Quoi qu’il en soit, le 16 mars, le président Macron a annoncé qu’un hôpital de campagne allait être mis en œuvre par le Service de Santé des Armées [SSA] en Alsace, afin de soulager les hôpitaux de la région Grand-Est, qui l’un des deux plus touchées en France, avec l’Île-de-France. On pouvait penser que ce déploiement était imminent… Ce qui n’a pas été le cas : en effet, il ne suffit pas de claquer des doigts pour mettre en place une telle structure pour une mission bien éloignée de la médecine de guerre.
Directrice du Groupement hospitalier de Mulhouse Sud Alsace, Corinne Krencker a confié à France Bleu que cet hôpital de campagne ne serait pas disponible avant le 27 mars… Ce que n’a pas confirmé le ministère des Armées, qui a parlé d’une attente de « quelques jours » pour que cet « Élément Militaire de Réanimation du SSA [|EMR-SSA], d’une capacité de 30 lits de réanimation, le soit effectivement.

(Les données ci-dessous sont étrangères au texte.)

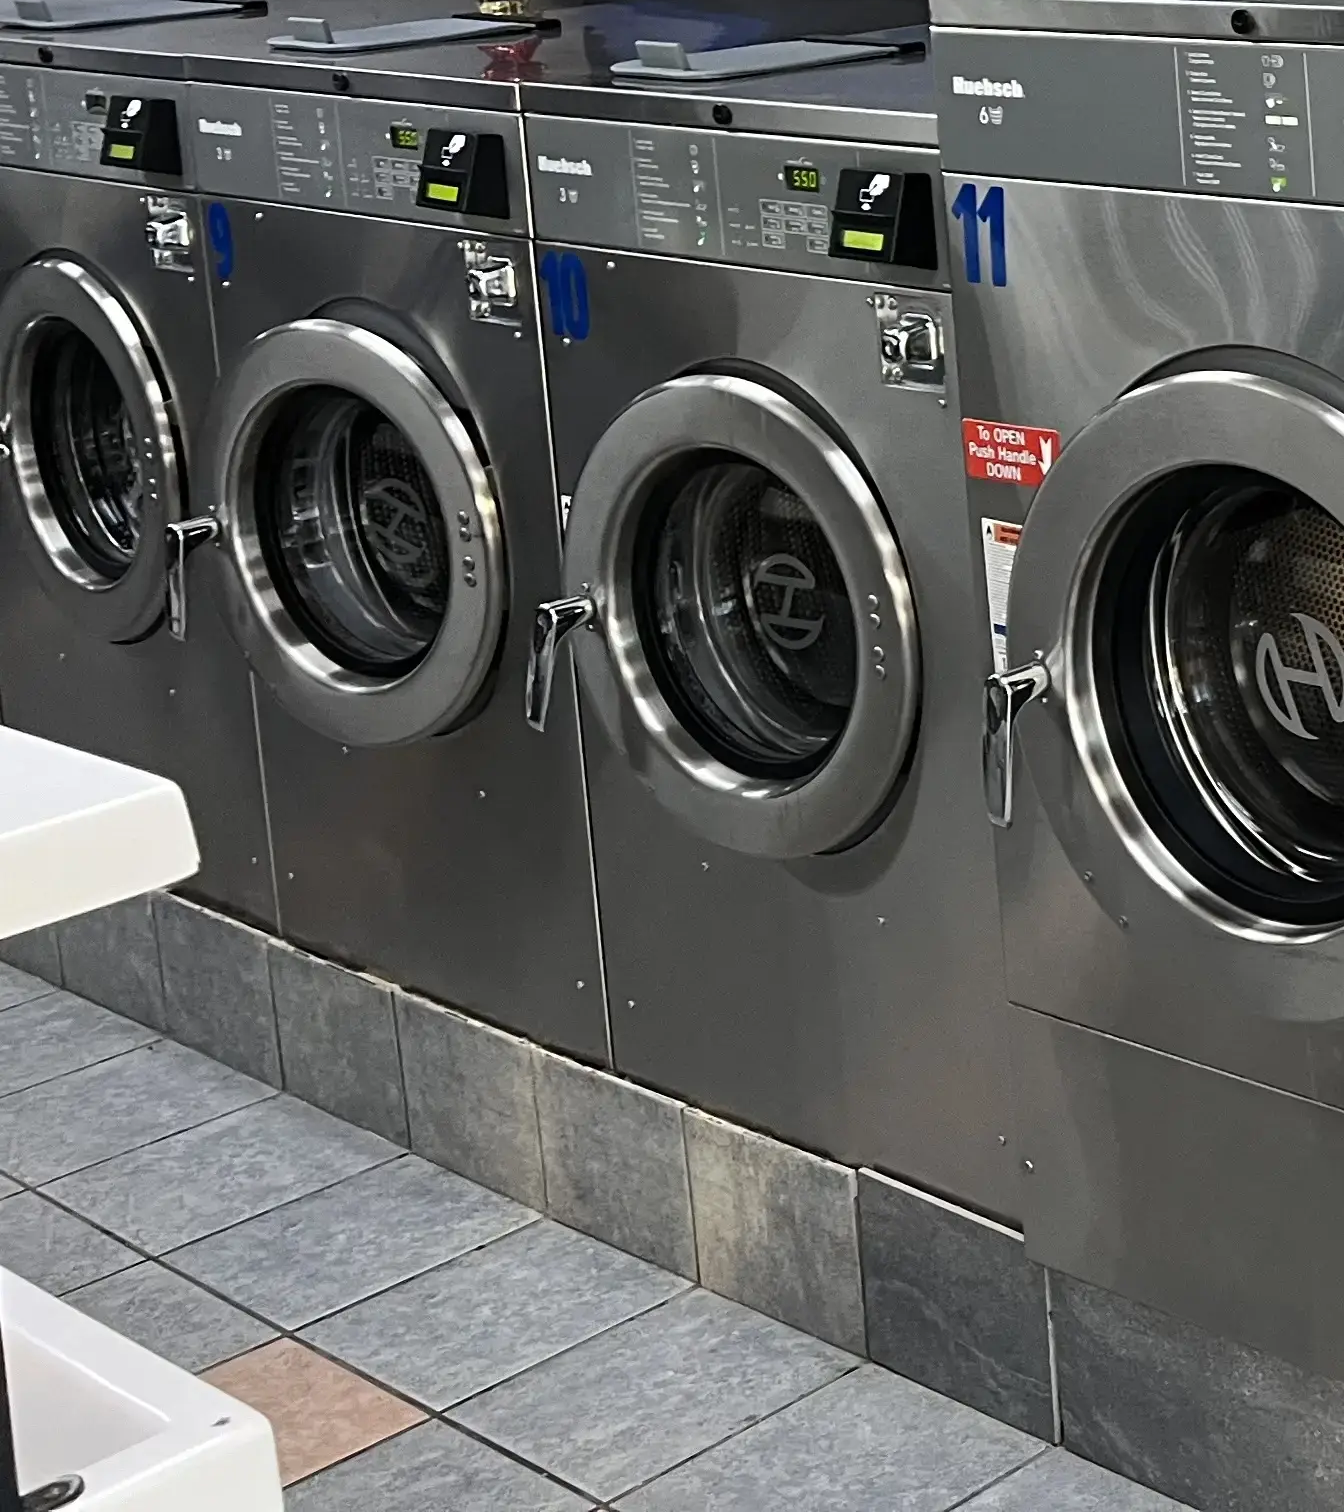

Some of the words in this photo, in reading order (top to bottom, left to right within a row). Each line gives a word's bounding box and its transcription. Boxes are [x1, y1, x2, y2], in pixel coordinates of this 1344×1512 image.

Dans son compte-rendu hebdomadaire des opérations, l’État-major des armées [EMA] a donné les raisons de ce délai. Ainsi, cet EMR-SSA est une « capacité specifique » du Régiment Médical [RMED] de l’armée de Terre qui sera « armée par du personnel » de cette unité et du SSA.
Dans un premier temps, selon l’EMA, ce dernier a dû être envoyé à Chanteau, près d’Orléans, auprès de la Direction des approvisionnements en produits de santé des armées [DAPSA] afin de « procéder à la préparation de l’infrastructure. »
En effet, l’EMR qui sera installé près de l’hôpital de Mulhouse n’existe pas « en tant que tel » au sein des armées. En clair, il s’agit de le créer « à partir des éléments qui sont normalement maintenus en réserve pour constituer les antennes médico-chirurgicales en opérations extérieures, pour des actes de soins lourds qui nécessitent une configuration différente de ces matériels », explique l’EMA.
Aussi, cela suppose de récupérer le matériel là où il est stocké pour les besoins des opérations extérieures et de le reconfigurer. Ensuite, il faudra élaborer, mettre en place et tester la structure d’accueil pour, souligne l’EMA, un « cas très particulier qui consiste à gérer des patients atteints d’une pathologie grave et extrêmement contagieuse. »
En tout cas, les personnels du RMED et du SSA font aussi vite que possible… Ce 20 mars, la ministre des Armées, Florence Parly, a en effet annoncé que cet EMR était en route vers Mulhouse. « Merci à tous les personnels engagés pour assurer cette opération logistique complexe », a-t-elle dit.
Quoi qu’il en soit, des leçons seront à tirer de cette crise sanitaire… Mais sans attendre, l’Agence de l’Innovation de la Défense a lancé un appel à projets pour des solutions innovantes afin de lutter contre l’épidémie en cours. Et parmi les domaines qu’elle a retenus, la « facilitation du déploiement d’hôpitaux de campagne en soutien aux populations » y figure en bonne place.